● Try it: No pictures go into the copy. Write out every line below exactly.

● Provided material:
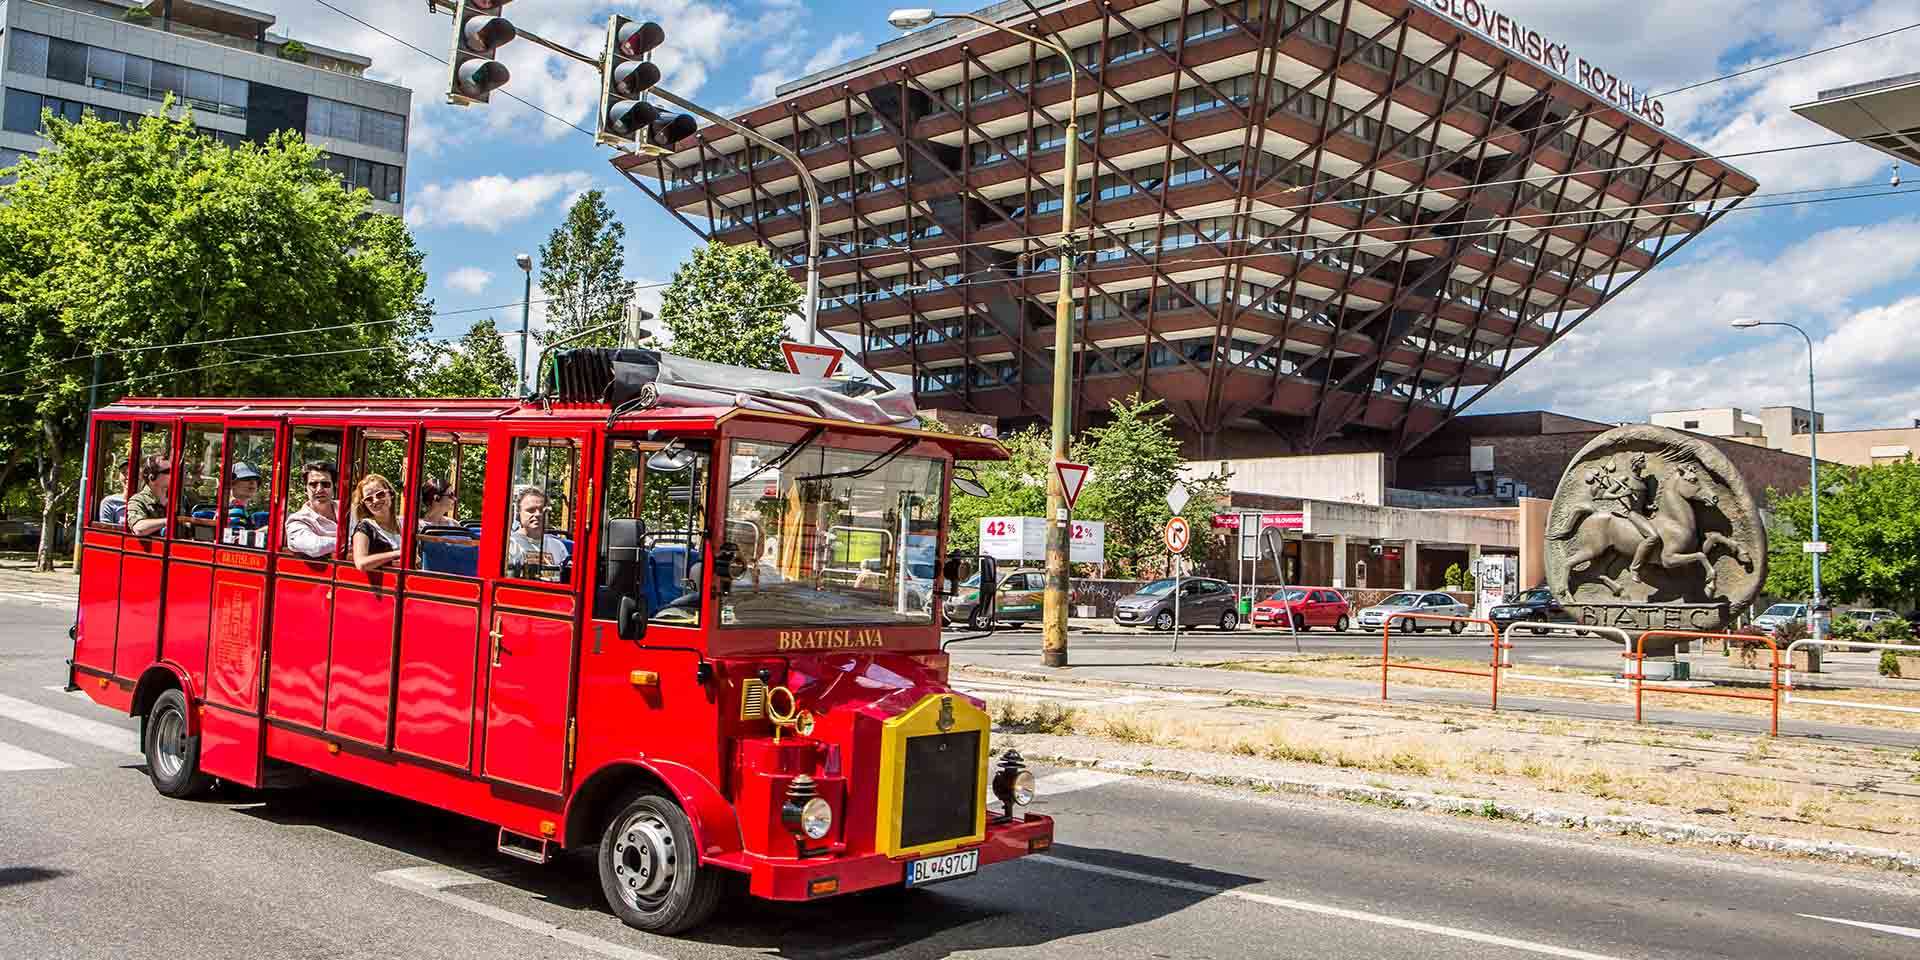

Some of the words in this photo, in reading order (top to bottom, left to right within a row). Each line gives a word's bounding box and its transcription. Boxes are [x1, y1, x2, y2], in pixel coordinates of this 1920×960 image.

[1577, 56, 1665, 127] ROZHLAS
[1582, 605, 1710, 629] BIATEC
[592, 625, 603, 655] 1
[779, 629, 883, 649] BRATISLAVA
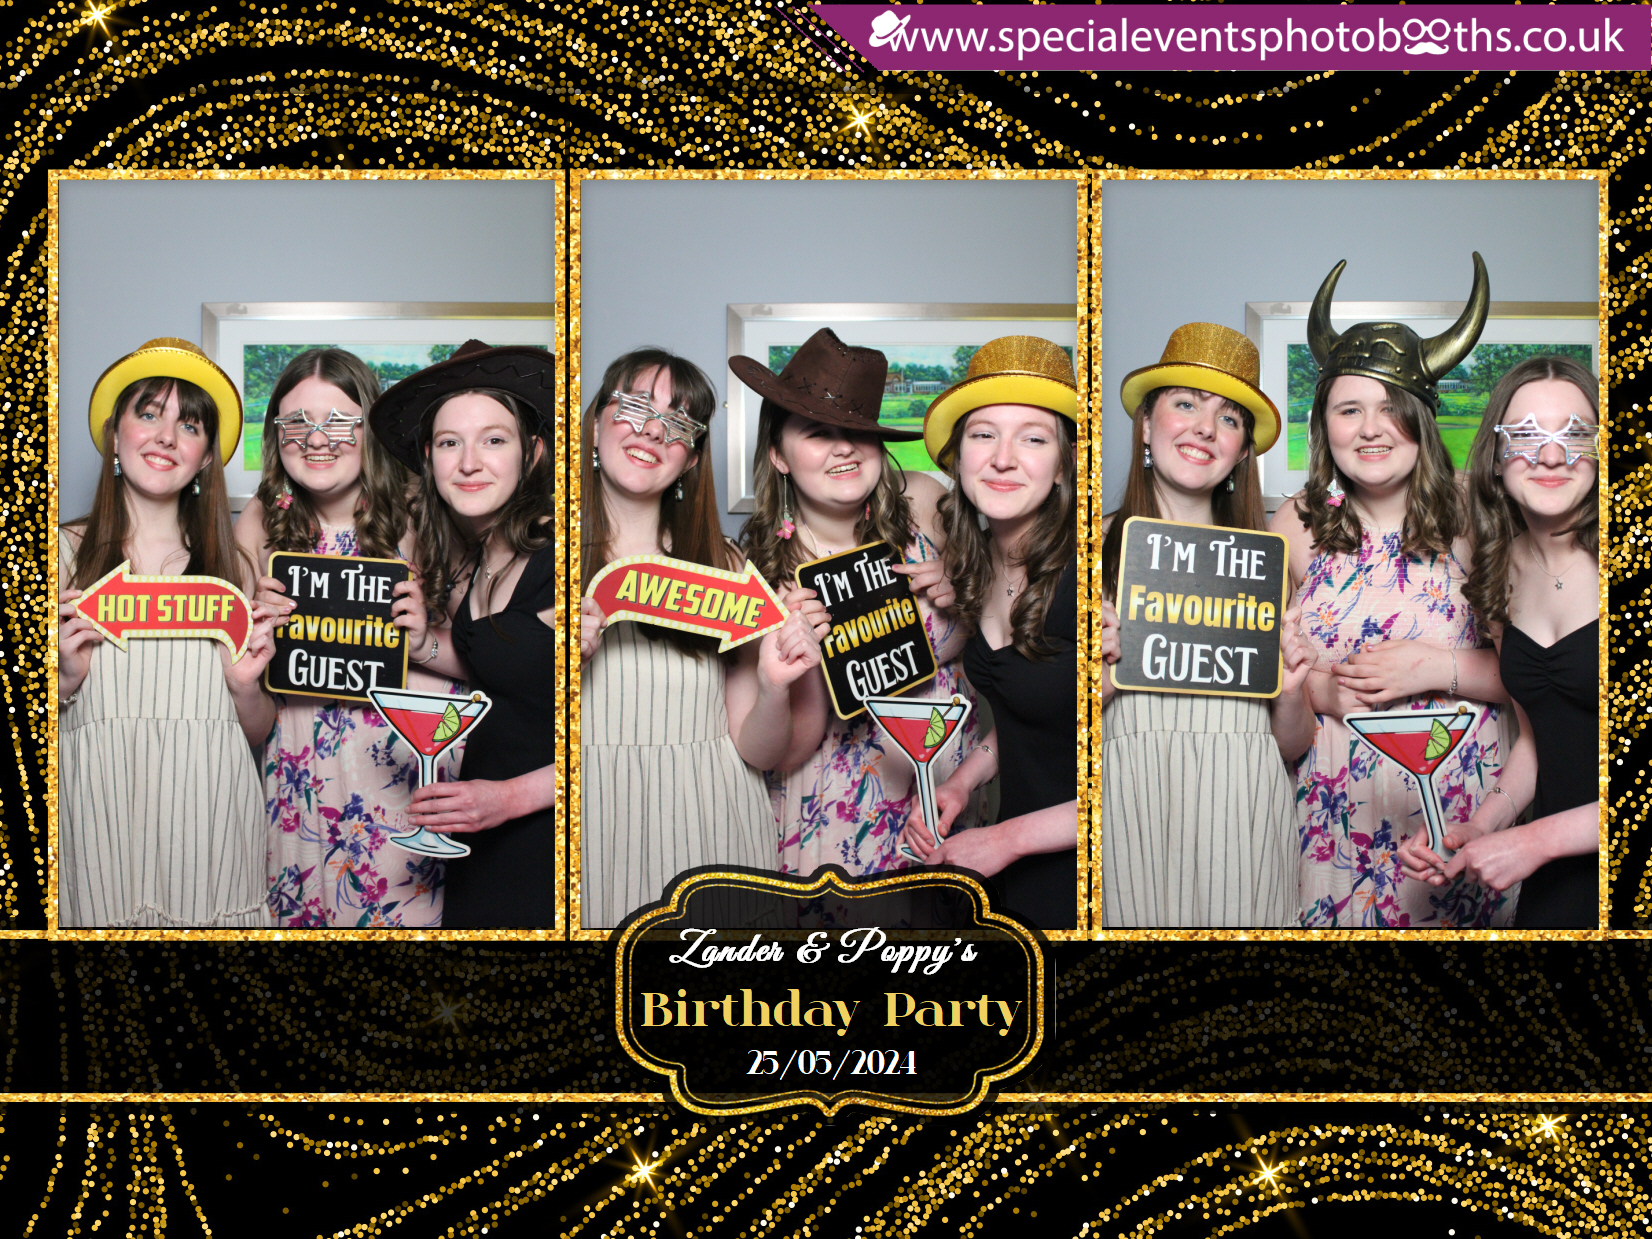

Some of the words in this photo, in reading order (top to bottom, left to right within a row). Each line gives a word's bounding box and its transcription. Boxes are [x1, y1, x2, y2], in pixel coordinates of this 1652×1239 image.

[814, 570, 854, 607] I'M
[853, 552, 897, 593] THE
[1147, 533, 1196, 573] I'M
[1209, 535, 1266, 581] THE
[288, 565, 330, 599] I'M
[340, 563, 392, 604] THE
[615, 569, 766, 629] AWESOME
[97, 594, 151, 623] HOT
[157, 594, 235, 622] STUFF
[1128, 584, 1275, 632] Favourite
[288, 648, 385, 692] GUEST
[845, 640, 920, 701] GUEST
[1141, 633, 1259, 686] GUEST

● Your response:
Some of the words in this photo, in reading order (top to bottom, left to right within a row). Each line gives a word's bounding box and its transcription. Boxes are [x1, y1, x2, y2], in pixel coordinates of this 1920×960 image.

[1577, 56, 1665, 127] ROZHLAS
[1582, 605, 1710, 629] BIATEC
[592, 625, 603, 655] 1
[779, 629, 883, 649] BRATISLAVA

Some of the words in this photo, in reading order (top to bottom, left to right within a row). Each line gives a word's bounding box and its transcription. Boxes are [x1, y1, x2, y2], in pixel coordinates of this 1652×1239 image.

[814, 570, 854, 607] I'M
[853, 552, 897, 593] THE
[1147, 533, 1196, 573] I'M
[1209, 535, 1266, 581] THE
[288, 565, 330, 599] I'M
[340, 563, 392, 604] THE
[615, 569, 766, 629] AWESOME
[97, 594, 151, 623] HOT
[157, 594, 235, 622] STUFF
[1128, 584, 1275, 632] Favourite
[288, 648, 385, 692] GUEST
[845, 640, 920, 701] GUEST
[1141, 633, 1259, 686] GUEST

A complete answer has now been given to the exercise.